What you need to do » Set down the line that has "this 1607×1004 image." and each line beneath it, through the last line of the entries, exactly and with no others.

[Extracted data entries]

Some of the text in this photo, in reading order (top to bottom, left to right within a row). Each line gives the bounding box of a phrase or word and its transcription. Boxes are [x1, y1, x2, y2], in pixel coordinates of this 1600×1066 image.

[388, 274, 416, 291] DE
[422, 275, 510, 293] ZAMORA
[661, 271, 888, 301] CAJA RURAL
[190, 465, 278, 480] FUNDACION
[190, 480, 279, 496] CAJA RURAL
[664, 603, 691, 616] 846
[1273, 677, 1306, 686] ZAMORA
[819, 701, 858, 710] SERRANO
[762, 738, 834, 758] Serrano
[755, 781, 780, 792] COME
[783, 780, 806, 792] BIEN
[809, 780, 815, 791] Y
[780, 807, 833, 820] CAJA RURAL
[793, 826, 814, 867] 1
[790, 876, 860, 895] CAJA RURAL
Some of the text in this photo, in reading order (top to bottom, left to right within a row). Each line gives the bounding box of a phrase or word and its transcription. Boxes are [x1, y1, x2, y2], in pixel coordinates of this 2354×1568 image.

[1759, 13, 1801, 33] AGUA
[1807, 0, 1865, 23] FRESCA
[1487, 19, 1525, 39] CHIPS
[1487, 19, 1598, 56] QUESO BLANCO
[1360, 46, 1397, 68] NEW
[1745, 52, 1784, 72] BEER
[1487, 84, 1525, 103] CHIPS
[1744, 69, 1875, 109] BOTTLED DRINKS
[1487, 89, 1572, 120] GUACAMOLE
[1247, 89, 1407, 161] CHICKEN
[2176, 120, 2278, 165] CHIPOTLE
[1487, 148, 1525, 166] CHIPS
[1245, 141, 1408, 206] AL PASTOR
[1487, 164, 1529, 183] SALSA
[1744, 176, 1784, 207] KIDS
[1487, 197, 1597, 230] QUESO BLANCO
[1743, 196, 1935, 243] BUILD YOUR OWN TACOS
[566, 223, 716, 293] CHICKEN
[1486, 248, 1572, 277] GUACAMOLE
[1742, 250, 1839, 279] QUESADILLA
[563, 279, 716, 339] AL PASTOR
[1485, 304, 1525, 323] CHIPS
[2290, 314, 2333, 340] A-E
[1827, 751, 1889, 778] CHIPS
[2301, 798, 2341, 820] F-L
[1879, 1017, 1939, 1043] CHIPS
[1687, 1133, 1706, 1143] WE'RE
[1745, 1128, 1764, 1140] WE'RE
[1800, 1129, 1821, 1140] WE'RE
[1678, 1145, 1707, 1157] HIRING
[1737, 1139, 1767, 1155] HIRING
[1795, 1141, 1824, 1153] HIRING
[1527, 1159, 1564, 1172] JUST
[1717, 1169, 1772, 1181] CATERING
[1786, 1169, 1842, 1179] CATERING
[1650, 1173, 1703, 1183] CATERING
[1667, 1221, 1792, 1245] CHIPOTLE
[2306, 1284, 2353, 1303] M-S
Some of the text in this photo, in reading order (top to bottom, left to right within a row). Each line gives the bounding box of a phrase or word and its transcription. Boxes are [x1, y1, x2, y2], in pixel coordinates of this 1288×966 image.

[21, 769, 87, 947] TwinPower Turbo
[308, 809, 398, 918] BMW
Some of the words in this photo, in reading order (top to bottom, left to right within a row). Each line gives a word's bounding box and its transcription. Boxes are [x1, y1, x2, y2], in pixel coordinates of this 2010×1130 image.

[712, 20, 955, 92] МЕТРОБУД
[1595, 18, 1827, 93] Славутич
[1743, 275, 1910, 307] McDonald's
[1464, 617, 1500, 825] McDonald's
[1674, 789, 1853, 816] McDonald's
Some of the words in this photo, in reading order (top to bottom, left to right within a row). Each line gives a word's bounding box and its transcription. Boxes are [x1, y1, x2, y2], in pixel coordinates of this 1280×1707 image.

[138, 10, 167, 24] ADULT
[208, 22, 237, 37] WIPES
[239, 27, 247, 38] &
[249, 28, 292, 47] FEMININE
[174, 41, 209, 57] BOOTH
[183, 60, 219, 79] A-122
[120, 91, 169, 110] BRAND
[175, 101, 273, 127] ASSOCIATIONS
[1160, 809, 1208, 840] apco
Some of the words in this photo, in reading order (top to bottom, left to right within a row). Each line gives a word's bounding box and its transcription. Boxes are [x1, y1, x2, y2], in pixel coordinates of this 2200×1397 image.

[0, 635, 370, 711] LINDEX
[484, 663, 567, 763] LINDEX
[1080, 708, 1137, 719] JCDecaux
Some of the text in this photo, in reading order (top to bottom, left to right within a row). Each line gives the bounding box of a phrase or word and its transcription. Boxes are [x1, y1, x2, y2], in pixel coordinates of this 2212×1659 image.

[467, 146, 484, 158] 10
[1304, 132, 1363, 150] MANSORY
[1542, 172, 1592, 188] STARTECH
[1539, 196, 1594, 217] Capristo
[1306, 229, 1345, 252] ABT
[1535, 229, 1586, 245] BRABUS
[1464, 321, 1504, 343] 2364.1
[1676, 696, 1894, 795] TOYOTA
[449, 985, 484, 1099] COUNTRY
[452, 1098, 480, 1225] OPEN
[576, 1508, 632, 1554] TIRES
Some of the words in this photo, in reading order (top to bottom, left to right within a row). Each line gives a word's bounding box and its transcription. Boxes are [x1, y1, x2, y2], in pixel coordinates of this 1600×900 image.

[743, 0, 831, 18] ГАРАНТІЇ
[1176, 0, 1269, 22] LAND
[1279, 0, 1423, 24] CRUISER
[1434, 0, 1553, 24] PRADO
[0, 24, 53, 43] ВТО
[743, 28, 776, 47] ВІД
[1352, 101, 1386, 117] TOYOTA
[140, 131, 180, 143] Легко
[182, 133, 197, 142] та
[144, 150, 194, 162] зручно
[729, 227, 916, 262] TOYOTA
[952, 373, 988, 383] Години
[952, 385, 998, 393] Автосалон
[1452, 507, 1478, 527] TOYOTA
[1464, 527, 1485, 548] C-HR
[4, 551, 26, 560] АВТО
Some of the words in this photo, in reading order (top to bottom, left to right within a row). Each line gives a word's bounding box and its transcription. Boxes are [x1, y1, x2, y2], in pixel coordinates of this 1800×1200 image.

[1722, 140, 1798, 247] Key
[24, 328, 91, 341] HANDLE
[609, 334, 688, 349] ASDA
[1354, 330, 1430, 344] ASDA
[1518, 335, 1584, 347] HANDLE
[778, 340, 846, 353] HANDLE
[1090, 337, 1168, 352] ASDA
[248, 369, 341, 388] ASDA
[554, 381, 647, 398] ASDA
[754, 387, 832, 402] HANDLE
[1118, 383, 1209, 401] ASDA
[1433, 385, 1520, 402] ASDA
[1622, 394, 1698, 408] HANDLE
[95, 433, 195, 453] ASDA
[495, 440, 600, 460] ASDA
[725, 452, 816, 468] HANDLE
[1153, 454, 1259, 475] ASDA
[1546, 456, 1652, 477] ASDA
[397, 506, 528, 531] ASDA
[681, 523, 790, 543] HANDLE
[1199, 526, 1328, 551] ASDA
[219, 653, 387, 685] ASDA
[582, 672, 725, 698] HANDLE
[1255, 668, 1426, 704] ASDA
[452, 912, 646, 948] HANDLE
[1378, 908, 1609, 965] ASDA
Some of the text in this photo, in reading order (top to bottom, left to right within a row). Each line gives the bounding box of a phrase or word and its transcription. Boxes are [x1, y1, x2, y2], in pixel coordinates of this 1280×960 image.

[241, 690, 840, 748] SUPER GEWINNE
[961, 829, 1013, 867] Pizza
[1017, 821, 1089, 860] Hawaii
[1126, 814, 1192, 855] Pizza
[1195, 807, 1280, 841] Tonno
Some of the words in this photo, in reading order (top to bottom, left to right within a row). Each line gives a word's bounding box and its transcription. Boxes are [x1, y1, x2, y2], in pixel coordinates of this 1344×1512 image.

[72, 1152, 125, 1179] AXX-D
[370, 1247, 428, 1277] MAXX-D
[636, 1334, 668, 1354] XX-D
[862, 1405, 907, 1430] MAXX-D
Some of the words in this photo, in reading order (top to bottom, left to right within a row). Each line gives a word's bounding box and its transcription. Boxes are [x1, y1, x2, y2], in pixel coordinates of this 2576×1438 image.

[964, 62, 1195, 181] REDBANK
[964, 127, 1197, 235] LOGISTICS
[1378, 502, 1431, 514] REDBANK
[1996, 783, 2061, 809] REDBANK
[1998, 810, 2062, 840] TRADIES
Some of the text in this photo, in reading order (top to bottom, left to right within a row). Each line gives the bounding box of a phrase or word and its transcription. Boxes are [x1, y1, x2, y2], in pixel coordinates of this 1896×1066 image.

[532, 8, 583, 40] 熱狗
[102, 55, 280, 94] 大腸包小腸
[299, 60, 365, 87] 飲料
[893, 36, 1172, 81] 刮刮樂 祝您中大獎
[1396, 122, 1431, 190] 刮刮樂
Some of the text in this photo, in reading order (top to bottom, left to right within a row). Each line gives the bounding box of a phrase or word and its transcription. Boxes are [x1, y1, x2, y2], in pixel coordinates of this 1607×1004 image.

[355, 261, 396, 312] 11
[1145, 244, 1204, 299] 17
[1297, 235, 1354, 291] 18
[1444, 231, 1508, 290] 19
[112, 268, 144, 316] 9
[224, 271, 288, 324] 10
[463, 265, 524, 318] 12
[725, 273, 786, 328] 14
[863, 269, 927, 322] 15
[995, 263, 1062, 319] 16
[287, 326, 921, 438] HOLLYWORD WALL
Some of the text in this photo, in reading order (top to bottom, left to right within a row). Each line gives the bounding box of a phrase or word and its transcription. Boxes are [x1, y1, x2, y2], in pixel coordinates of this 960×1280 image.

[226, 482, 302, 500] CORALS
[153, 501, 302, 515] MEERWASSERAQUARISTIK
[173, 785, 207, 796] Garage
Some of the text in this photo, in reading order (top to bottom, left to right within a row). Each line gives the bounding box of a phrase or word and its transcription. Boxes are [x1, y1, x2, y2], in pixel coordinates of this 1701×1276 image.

Task answer »
Some of the text in this photo, in reading order (top to bottom, left to right within a row). Each line gives the bounding box of a phrase or word and its transcription. Boxes are [x1, y1, x2, y2], in pixel coordinates of this 1607×1004 image.

[355, 261, 396, 312] 11
[1145, 244, 1204, 299] 17
[1297, 235, 1354, 291] 18
[1444, 231, 1508, 290] 19
[112, 268, 144, 316] 9
[224, 271, 288, 324] 10
[463, 265, 524, 318] 12
[725, 273, 786, 328] 14
[863, 269, 927, 322] 15
[995, 263, 1062, 319] 16
[287, 326, 921, 438] HOLLYWORD WALL
Some of the text in this photo, in reading order (top to bottom, left to right within a row). Each line gives the bounding box of a phrase or word and its transcription. Boxes are [x1, y1, x2, y2], in pixel coordinates of this 960×1280 image.

[226, 482, 302, 500] CORALS
[153, 501, 302, 515] MEERWASSERAQUARISTIK
[173, 785, 207, 796] Garage
Some of the text in this photo, in reading order (top to bottom, left to right within a row). Each line gives the bounding box of a phrase or word and its transcription. Boxes are [x1, y1, x2, y2], in pixel coordinates of this 1701×1276 image.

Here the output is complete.